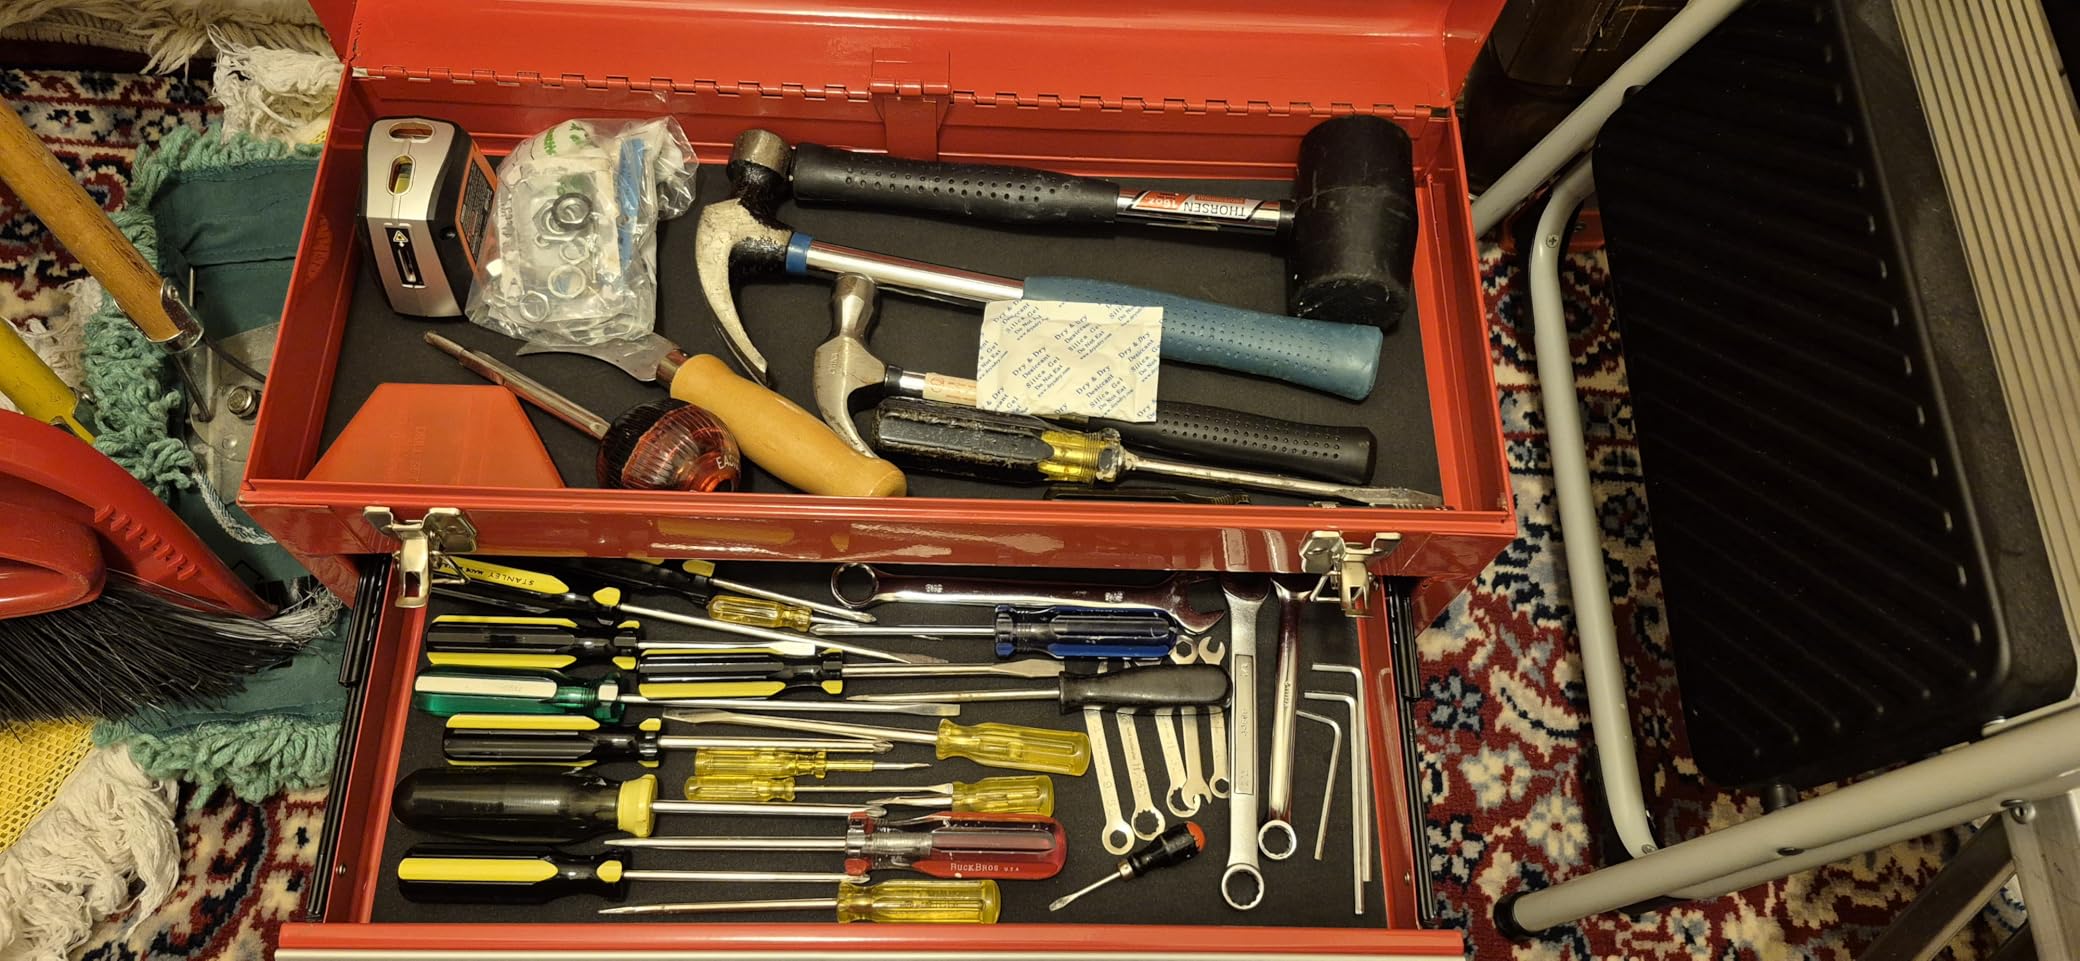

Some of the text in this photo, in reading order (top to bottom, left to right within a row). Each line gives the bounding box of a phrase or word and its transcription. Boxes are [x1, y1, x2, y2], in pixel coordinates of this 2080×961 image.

[1184, 201, 1246, 217] THORSEN
[1054, 327, 1068, 340] Dry
[1084, 338, 1094, 347] Not
[1012, 363, 1026, 376] Dry
[1032, 344, 1047, 358] Dry
[1118, 346, 1132, 358] Dry
[1021, 352, 1051, 379] Desiccant
[1025, 355, 1060, 388] Silica Gel
[1034, 363, 1063, 390] Do Not Eat
[1075, 381, 1090, 395] Dry
[1096, 363, 1111, 377] Dry
[1086, 373, 1114, 398] Desiccant
[991, 386, 1005, 399] Dry
[1089, 376, 1123, 407] Silica Gel
[1105, 393, 1116, 403] Not
[1116, 384, 1126, 394] Eat
[488, 571, 535, 586] STANLEY

────────────────────────────────────────

#### Assignment:
Reproduce all the material exactly, omitting images.

#### Exercise solution:
Some of the text in this photo, in reading order (top to bottom, left to right within a row). Each line gives the bounding box of a phrase or word and its transcription. Boxes are [x1, y1, x2, y2], in pixel coordinates of this 2080×961 image.

[1184, 201, 1246, 217] THORSEN
[1054, 327, 1068, 340] Dry
[1084, 338, 1094, 347] Not
[1012, 363, 1026, 376] Dry
[1032, 344, 1047, 358] Dry
[1118, 346, 1132, 358] Dry
[1021, 352, 1051, 379] Desiccant
[1025, 355, 1060, 388] Silica Gel
[1034, 363, 1063, 390] Do Not Eat
[1075, 381, 1090, 395] Dry
[1096, 363, 1111, 377] Dry
[1086, 373, 1114, 398] Desiccant
[991, 386, 1005, 399] Dry
[1089, 376, 1123, 407] Silica Gel
[1105, 393, 1116, 403] Not
[1116, 384, 1126, 394] Eat
[488, 571, 535, 586] STANLEY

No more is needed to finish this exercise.